Exercise material:
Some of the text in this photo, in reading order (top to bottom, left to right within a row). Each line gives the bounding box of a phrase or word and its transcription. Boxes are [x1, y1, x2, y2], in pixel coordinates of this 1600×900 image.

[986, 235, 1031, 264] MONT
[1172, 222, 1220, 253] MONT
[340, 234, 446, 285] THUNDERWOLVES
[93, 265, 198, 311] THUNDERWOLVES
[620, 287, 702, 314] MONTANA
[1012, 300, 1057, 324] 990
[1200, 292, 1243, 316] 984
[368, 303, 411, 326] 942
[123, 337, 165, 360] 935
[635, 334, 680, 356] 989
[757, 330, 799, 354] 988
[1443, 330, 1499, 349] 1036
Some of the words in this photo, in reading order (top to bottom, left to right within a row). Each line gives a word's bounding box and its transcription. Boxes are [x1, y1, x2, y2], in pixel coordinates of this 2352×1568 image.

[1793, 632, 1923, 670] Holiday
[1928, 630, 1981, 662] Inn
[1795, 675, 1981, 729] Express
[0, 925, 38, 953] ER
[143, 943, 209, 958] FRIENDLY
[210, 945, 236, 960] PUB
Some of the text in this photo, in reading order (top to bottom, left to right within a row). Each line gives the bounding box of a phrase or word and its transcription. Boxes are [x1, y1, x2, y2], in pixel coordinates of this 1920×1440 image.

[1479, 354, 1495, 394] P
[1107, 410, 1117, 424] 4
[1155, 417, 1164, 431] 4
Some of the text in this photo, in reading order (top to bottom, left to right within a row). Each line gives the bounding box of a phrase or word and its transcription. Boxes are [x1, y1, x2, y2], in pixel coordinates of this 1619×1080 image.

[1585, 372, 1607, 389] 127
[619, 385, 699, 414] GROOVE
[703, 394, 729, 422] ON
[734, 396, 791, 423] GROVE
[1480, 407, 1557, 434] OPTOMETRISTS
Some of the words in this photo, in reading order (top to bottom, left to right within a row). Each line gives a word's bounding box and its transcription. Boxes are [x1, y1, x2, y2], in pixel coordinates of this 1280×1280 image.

What is expected: Extract every entry above as it appears.

Exercise response:
Some of the text in this photo, in reading order (top to bottom, left to right within a row). Each line gives the bounding box of a phrase or word and its transcription. Boxes are [x1, y1, x2, y2], in pixel coordinates of this 1600×900 image.

[986, 235, 1031, 264] MONT
[1172, 222, 1220, 253] MONT
[340, 234, 446, 285] THUNDERWOLVES
[93, 265, 198, 311] THUNDERWOLVES
[620, 287, 702, 314] MONTANA
[1012, 300, 1057, 324] 990
[1200, 292, 1243, 316] 984
[368, 303, 411, 326] 942
[123, 337, 165, 360] 935
[635, 334, 680, 356] 989
[757, 330, 799, 354] 988
[1443, 330, 1499, 349] 1036
Some of the words in this photo, in reading order (top to bottom, left to right within a row). Each line gives a word's bounding box and its transcription. Boxes are [x1, y1, x2, y2], in pixel coordinates of this 2352×1568 image.

[1793, 632, 1923, 670] Holiday
[1928, 630, 1981, 662] Inn
[1795, 675, 1981, 729] Express
[0, 925, 38, 953] ER
[143, 943, 209, 958] FRIENDLY
[210, 945, 236, 960] PUB
Some of the text in this photo, in reading order (top to bottom, left to right within a row). Each line gives the bounding box of a phrase or word and its transcription. Boxes are [x1, y1, x2, y2], in pixel coordinates of this 1920×1440 image.

[1479, 354, 1495, 394] P
[1107, 410, 1117, 424] 4
[1155, 417, 1164, 431] 4
Some of the text in this photo, in reading order (top to bottom, left to right within a row). Each line gives the bounding box of a phrase or word and its transcription. Boxes are [x1, y1, x2, y2], in pixel coordinates of this 1619×1080 image.

[1585, 372, 1607, 389] 127
[619, 385, 699, 414] GROOVE
[703, 394, 729, 422] ON
[734, 396, 791, 423] GROVE
[1480, 407, 1557, 434] OPTOMETRISTS
Some of the words in this photo, in reading order (top to bottom, left to right within a row). Each line gives a word's bounding box and its transcription. Boxes are [x1, y1, x2, y2], in pixel coordinates of this 1280×1280 image.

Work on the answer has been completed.